Brother and I have always been close although less so since I moved out of home in Sydney. Still finishing his second university degree, he couldn't afford to move out and lived with my parents (that's another saga in itself). I feel guilty sometimes that I was too involved in my own messed up life at the time he was falling ill, a time frame of 3 months or so, to notice that he wasn't well. I became aware of his illness a few months after we had returned from a 6 week trip around the world, a time I'm grateful to have had with him before he got sick. We hadn't spent a lot of time together preceding that trip as I was living away and busy with my PhD, so it was a good to reconnect with him and we shared many laughs and misadventures along the way.
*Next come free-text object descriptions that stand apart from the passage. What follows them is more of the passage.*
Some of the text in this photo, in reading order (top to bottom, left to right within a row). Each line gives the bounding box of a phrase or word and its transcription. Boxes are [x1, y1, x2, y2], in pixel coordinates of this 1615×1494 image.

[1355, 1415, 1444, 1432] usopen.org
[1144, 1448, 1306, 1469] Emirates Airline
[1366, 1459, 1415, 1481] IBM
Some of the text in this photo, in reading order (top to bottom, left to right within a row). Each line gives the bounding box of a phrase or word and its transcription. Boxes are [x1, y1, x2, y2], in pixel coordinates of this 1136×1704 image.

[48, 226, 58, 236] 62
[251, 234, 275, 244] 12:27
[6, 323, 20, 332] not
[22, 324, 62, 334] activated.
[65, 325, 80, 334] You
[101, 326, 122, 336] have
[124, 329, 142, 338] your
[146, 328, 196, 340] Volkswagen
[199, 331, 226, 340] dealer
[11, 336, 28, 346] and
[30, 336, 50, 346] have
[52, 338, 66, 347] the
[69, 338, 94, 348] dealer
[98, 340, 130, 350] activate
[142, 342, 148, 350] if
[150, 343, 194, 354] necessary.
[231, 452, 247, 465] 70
My sadness at Mont St-Michel as captured by Brother
During our travel it was mostly me who organized everything, but there were times when I needed the assurance and help that a big brother instinctively provides. It was Brother in the beautiful citadel of Mont Saint-Michel, France who cheered me up when for no good reason I was feeling miserable and depressed. It was Brother who miraculously located some bandages and burn cream in hot, humid Saigon, Vietnam while I lay in a air-conditioned hotel room, nursing a burn on my leg that I foolishly received from a hot motorbike exhaust. It was the same Brother who had looked out for me during our childhood, and who I looked up to as we grew up. This is now a sad memory.
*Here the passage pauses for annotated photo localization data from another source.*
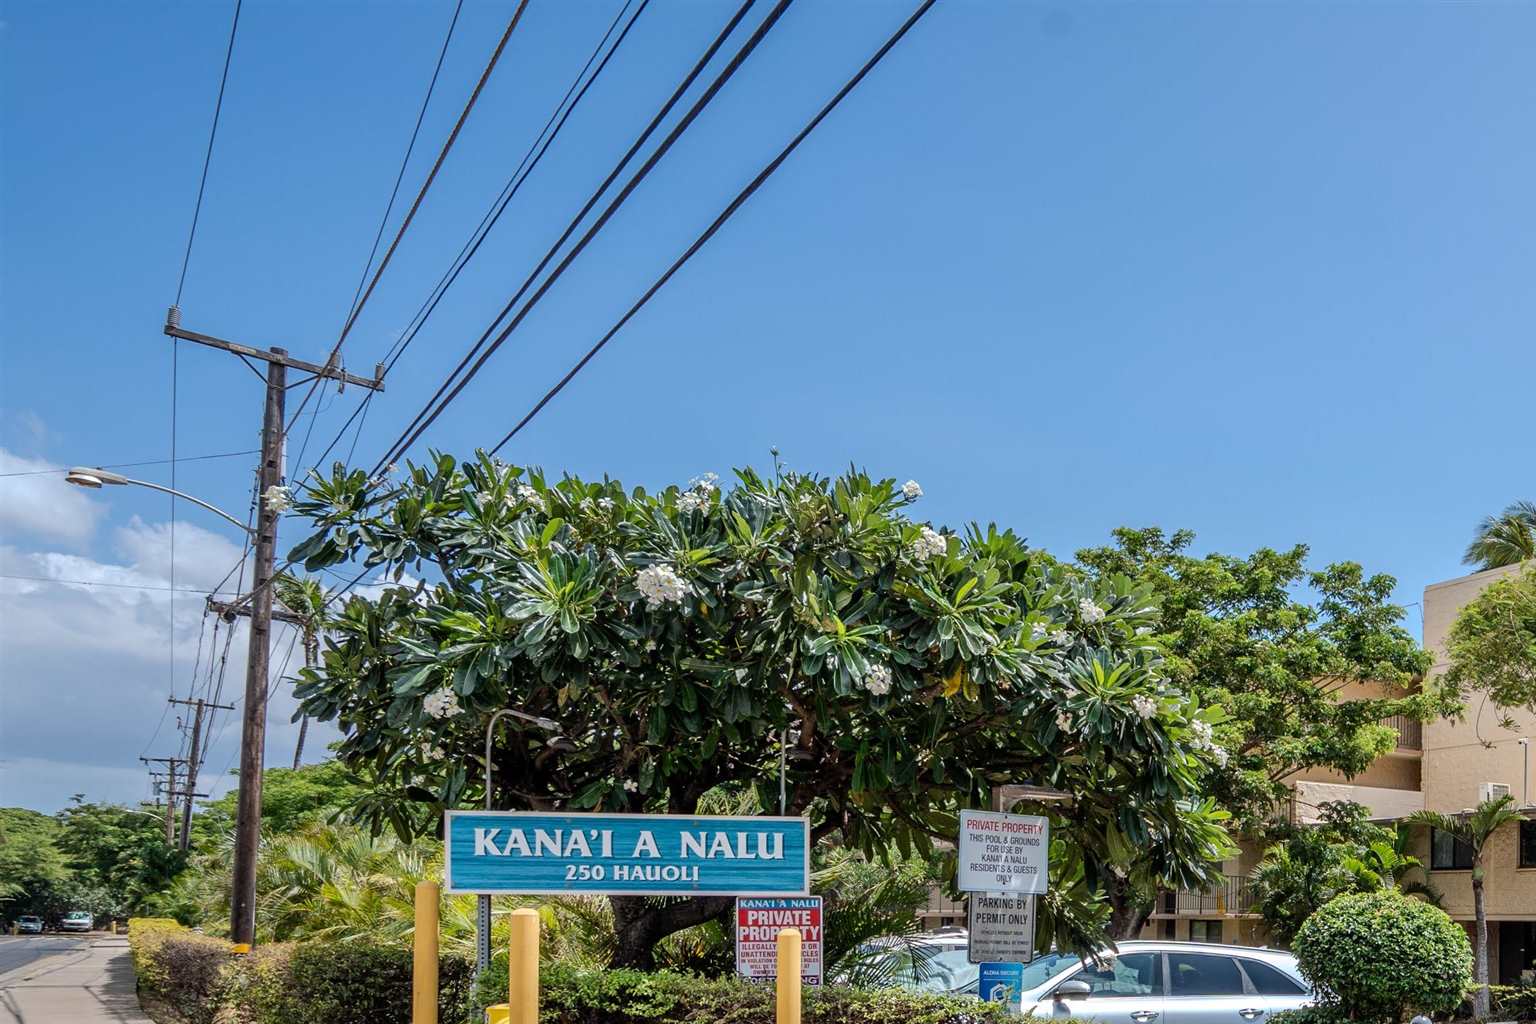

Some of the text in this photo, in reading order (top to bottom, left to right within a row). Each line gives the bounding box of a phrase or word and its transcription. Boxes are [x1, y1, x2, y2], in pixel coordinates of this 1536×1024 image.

[967, 819, 1043, 835] PRIVATE PROPERTY
[473, 827, 785, 861] KANA'I A NALU
[969, 833, 1040, 846] THIS POOL & GROUNDS
[986, 845, 1023, 855] FOR USE BY
[1004, 855, 1010, 863] A
[1010, 856, 1027, 864] NALU
[565, 864, 701, 882] 250 HAUOLI
[970, 863, 1038, 874] RESIDENTS & GUESTS
[996, 874, 1012, 883] ONLY
[779, 900, 786, 908] A
[791, 900, 819, 908] NALU
[978, 897, 1027, 910] PARKING BY
[748, 910, 811, 925] PRIVATE
[976, 913, 1028, 925] PERMIT ONLY
[740, 926, 820, 941] PROPTY
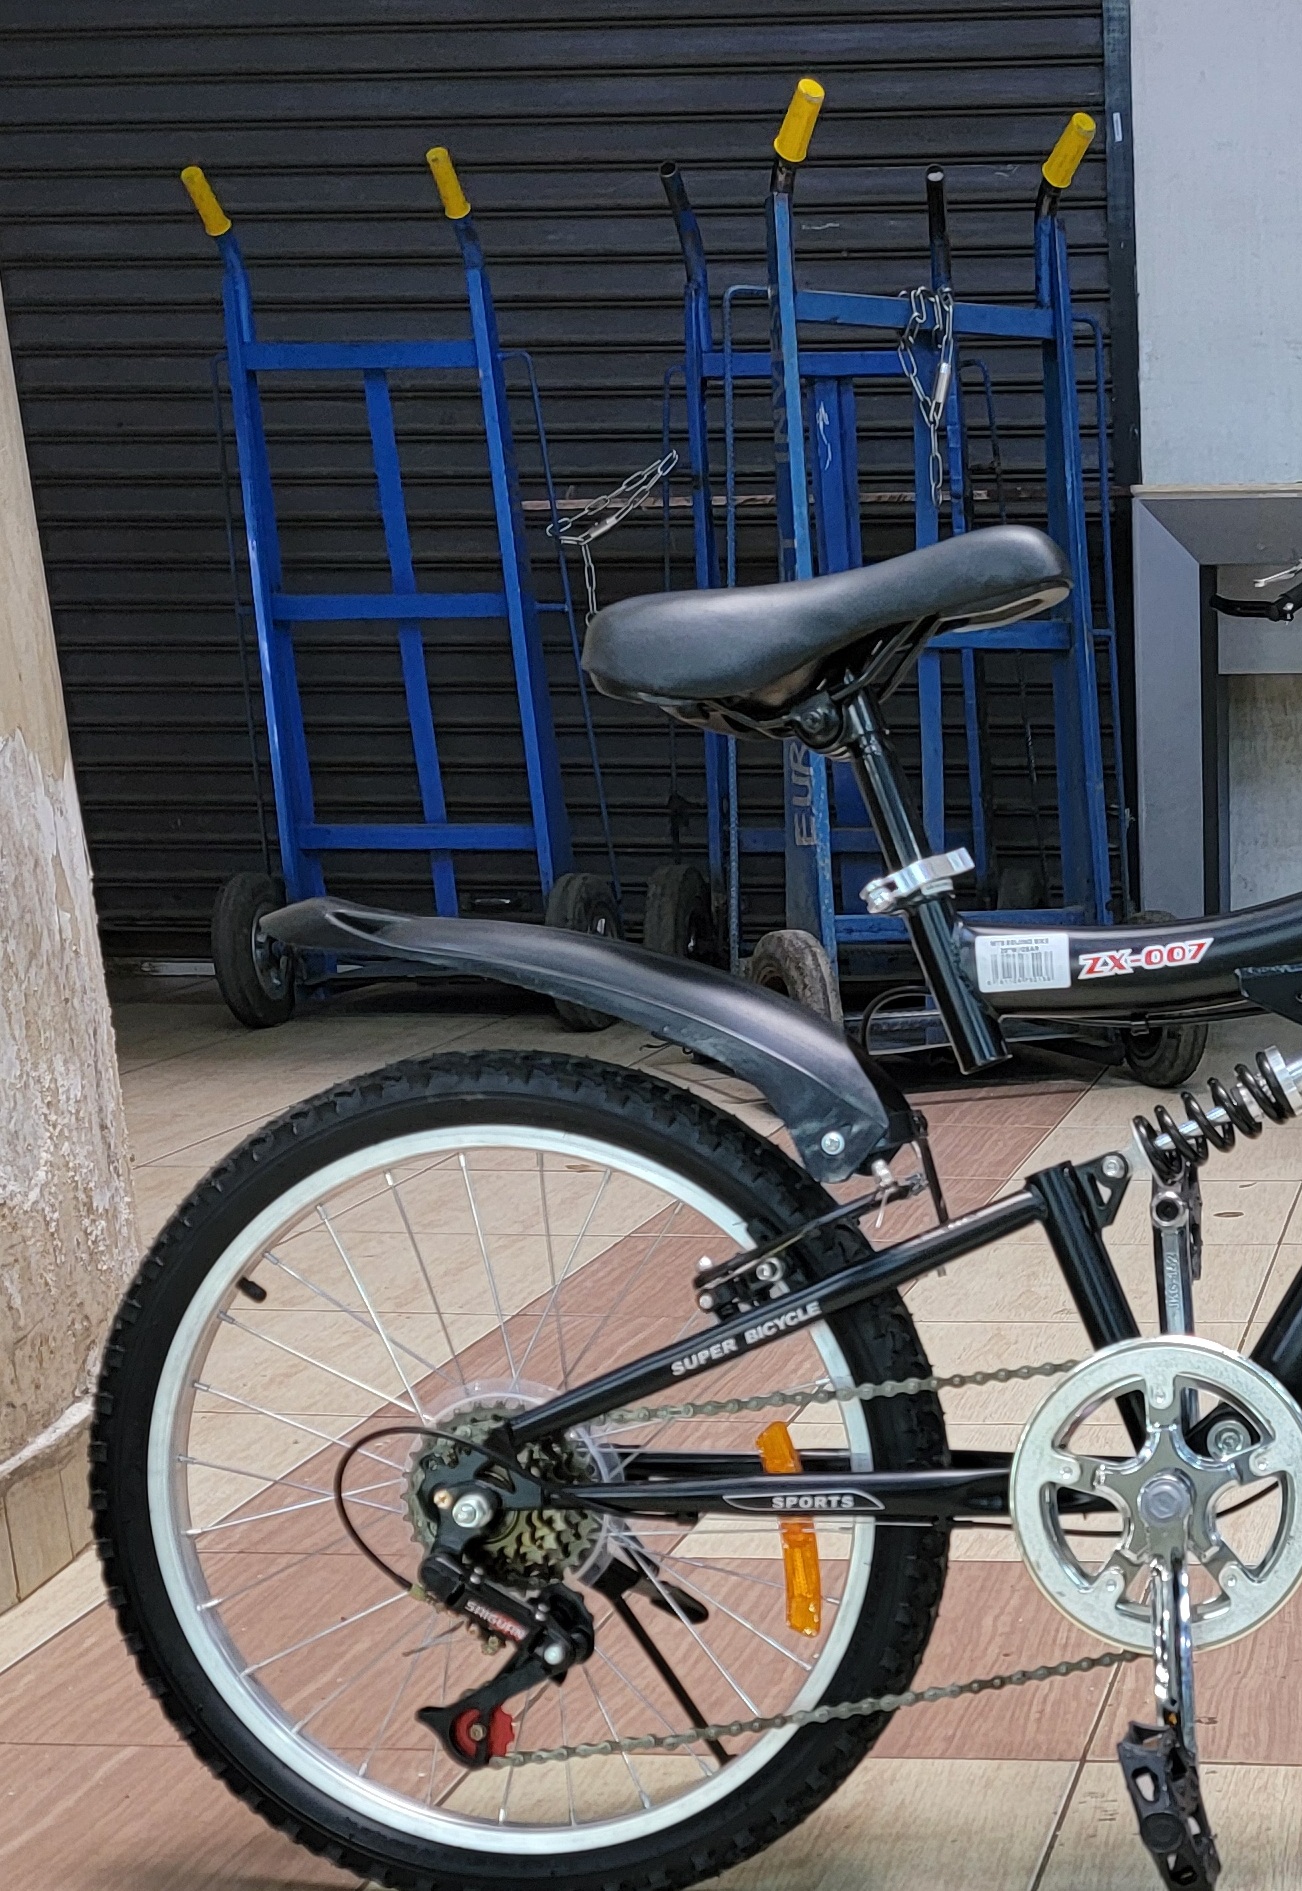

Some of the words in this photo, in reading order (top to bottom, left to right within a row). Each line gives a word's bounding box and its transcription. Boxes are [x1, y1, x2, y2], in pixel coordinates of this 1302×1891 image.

Brother and me had a great time travelling, he was celebrating the end of his degree and I was getting much needed R&R from my PhD. He seemed a little quieter than usual at times but still seemed the Brother I had always known. I was wrong. Little did I know that his comments that he wasn't sleeping well during the trip would be a symptom of his developing psychosis.
Brother had always been quiet and a bit of a loner. He did have his small circle of close friends during high school but over the years he had seen them less and less, much like the case with his university friends. I'm not going to go into detail about the dreadful process of finding out that he was mentally ill since just typing this is making me tearful, but needless to say it was a massively distressing event for me and the family. The Scot, Ace, GK and Ex-flatmate have an inkling of that terribly confusing and scary day. What I will say is that seeing your own brother in basically a mental asylum is unspeakably awful.
Despite my aforementioned guilt, I take solace that he finally reached out to me to share his problems which finally led to him receiving treatment. At present he's on very strong anti-psychotic medication which has made him less irrational/paranoid but he's still not the Brother I used to know.
Despite the medication, after 15 months or so after getting treatment, Brother still denies that anything is wrong with him, insists that he doesn't suffer from psychosis, and is adamant that everything he 'experienced' was real. Now he's extremely quiet and doesn't seem to enjoy doing anything, although he is more rational than before. He spends his time watching TV, and just sitting, trying to puzzle what 'They' want him to do and what 'They' want from him, basically trying to work out what the fuck is happening to him. I'm told he'll be on medication for probably his whole life. When I think of his long-term prospects as he is now I feel a sense of despair, not just for him but for the extra burden on Mum who is obviously distressed about the whole situation, particularly because they didn't get along for many years, including the time Brother fell ill. However, I hope that gradually he'll get better and one day he'll be able to rejoin the workforce, live independently and just simply enjoy life again.
Even though you'll never read this, Happy Birthday Big Brother.